All posts

9 min read

One Record for Thousands of Files: Merkle Batching

A Merkle root lets one Label 309 record commit to thousands or millions of file hashes, then prove any single item later with a small inclusion proof — without putting every item on chain.

One Label 309 record can prove that thousands or millions of files existed at a point in time.

Instead of publishing one blockchain transaction per file, you hash every file, fold those hashes into a Merkle tree, and publish a single 32-byte Merkle root. Later, you can prove that any one file was part of that batch with a small inclusion proof — without revealing the rest, and without putting every item on chain.

That is how Proof of Existence scales from one document to an arbitrarily large set.

What problem does Merkle batching solve?

Blockchains are poor places to store long lists. Every byte costs a fee, and a Cardano transaction has a hard size ceiling.

If a system generates a steady stream of artifacts — logs, model outputs, release builds, invoices, reports, evidence entries — publishing each hash as its own on-chain record gets expensive and noisy fast.

Merkle batching compresses an ordered list of hashes into one root commitment. The root is fixed-size (32 bytes), the batch can be unbounded, and the proof for any single item stays small — it grows only with the logarithm of the batch size. That makes regular commitments practical for high-volume workflows.

What is a Merkle root?

A Merkle root is a single hash that commits to a whole ordered list.

Start with a list of leaves. In a Proof of Existence workflow, each leaf is typically the hash of a file, an event, or a manifest entry. The leaves are combined pairwise up a binary tree, and the hash at the top is the Merkle root.

The commitment is exact in three ways:

  • If any leaf changes, the root changes.
  • If the order of the leaves changes, the root changes.
  • The commitment also records how many leaves there are, so a list of a different size cannot pass as the same batch.

Publishing the root is like publishing a fingerprint for the entire ordered list.

What actually goes on chain?

Only the root. The full list of leaves stays off chain.

A Label 309 record carries the commitment in a dedicated merkle field, separate from ordinary per-file hashes. Each commitment is a small, fixed structure:

  • the commitment algorithm (Label 309 v1 registers rfc9162-sha256: the RFC 9162 Merkle Tree Hash with SHA-256);
  • the 32-byte root;
  • the leaf count, which binds the root to the size of the off-chain list;
  • optional content-addressed URIs (ar:// or ipfs://) pointing at the leaves-list file.

The on-chain record stays tiny — a single root commits to an unbounded list at a fixed cost of 32 bytes. The detail lives off chain, in the ordered leaves-list. (For where the rest of a record lives, see what goes on the blockchain.)

How do you prove one file later?

You produce an inclusion proof.

An inclusion proof is the short list of sibling hashes along the path from one leaf up to the root. A verifier folds the leaf and those siblings back up the tree and accepts the proof only if the recomputed root exactly equals the published root.

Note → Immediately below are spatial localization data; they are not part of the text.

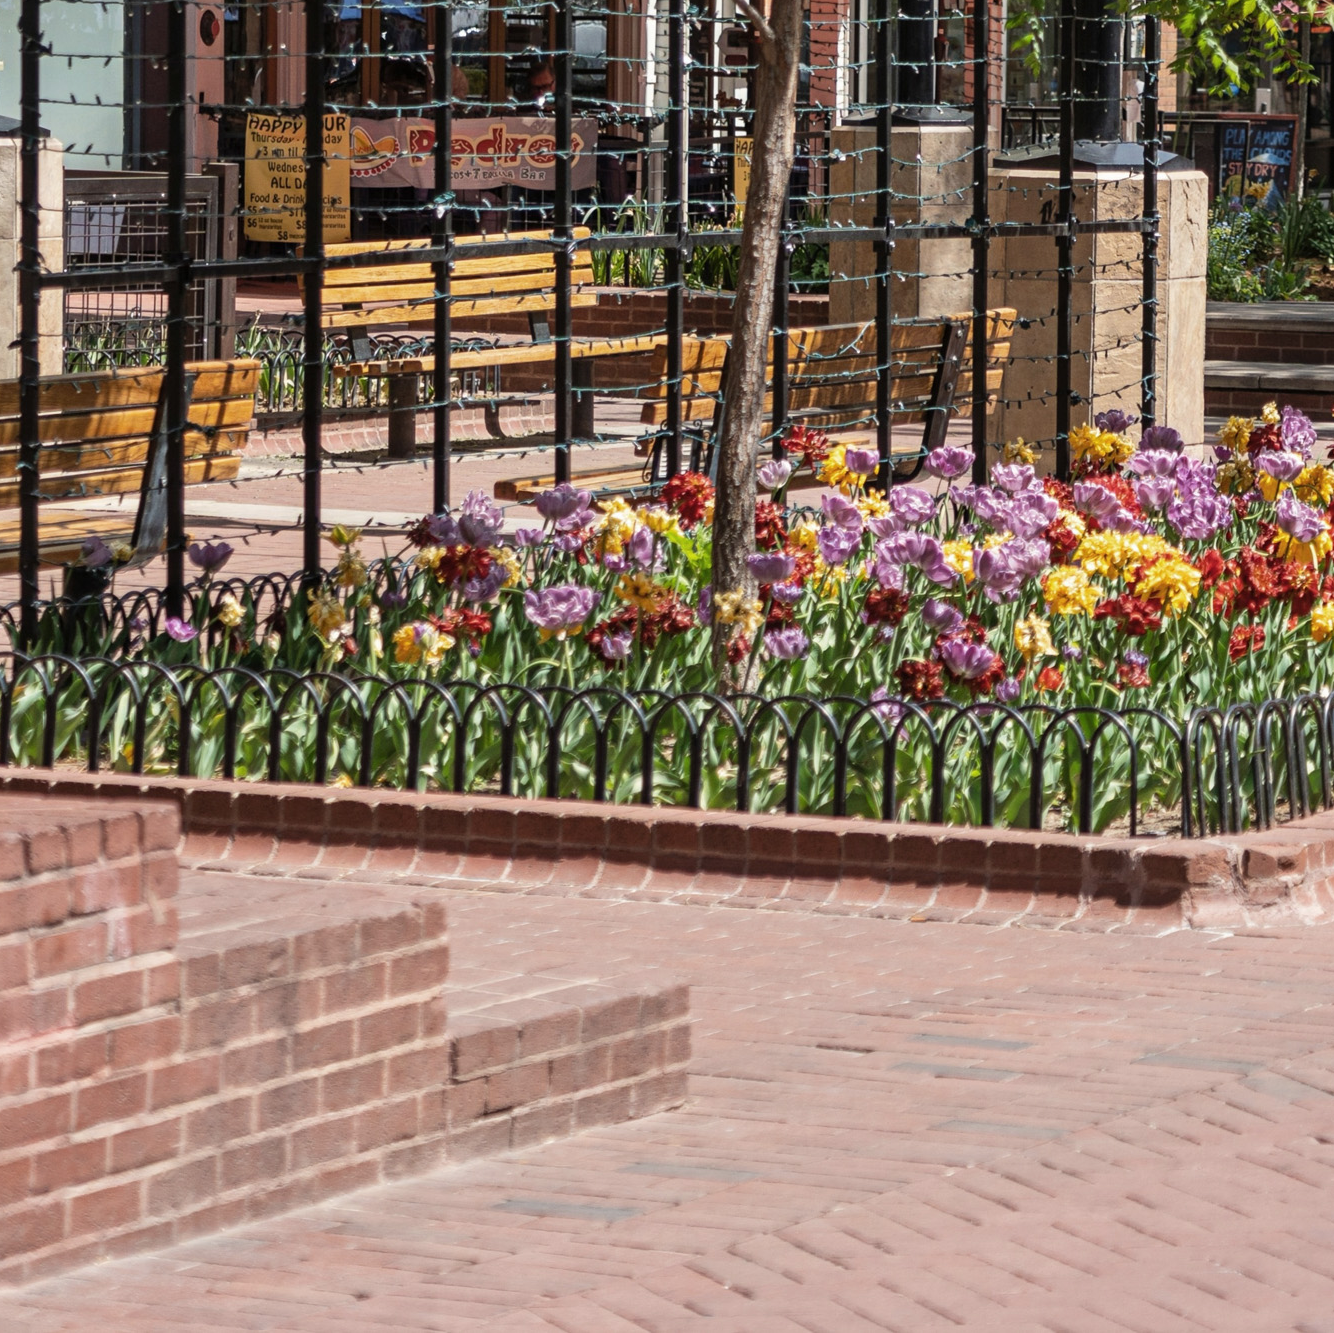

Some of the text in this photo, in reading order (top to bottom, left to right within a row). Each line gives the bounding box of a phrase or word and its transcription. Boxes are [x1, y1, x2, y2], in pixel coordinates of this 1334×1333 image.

[248, 116, 303, 134] HAPPY
[250, 132, 294, 144] Thursday
[1254, 131, 1290, 146] AMONG
[263, 146, 269, 156] 3
[288, 147, 298, 156] til
[409, 126, 581, 167] Pedro
[1223, 147, 1244, 161] THE
[267, 162, 306, 173] Wednes
[1254, 163, 1278, 178] DRY
[270, 177, 292, 189] ALL
[250, 193, 305, 204] Food & Drink
[247, 218, 258, 228] $6
[277, 231, 289, 241] $8

In practice the check has four inputs:

  1. the hash of the file or item you are proving;
  2. the inclusion proof (the sibling path);
  3. the Merkle root in the Label 309 record;
  4. the Cardano block time of the transaction that carried it.

If the fold reproduces the published root, the item was in the committed list — and the block time witnesses when that list existed. The verifier needs the one item and its proof; it never needs the other files in the batch.

Two details worth keeping straight. The construction is order-sensitive, so the leaves must be kept in the same sequence they were published in. And a single-leaf "tree" is not a useful timestamp: the root of a one-leaf tree is not the leaf itself, so to prove a single file you publish a plain content hash, not a one-item Merkle commitment.

Why is building and verifying fully offline a strength?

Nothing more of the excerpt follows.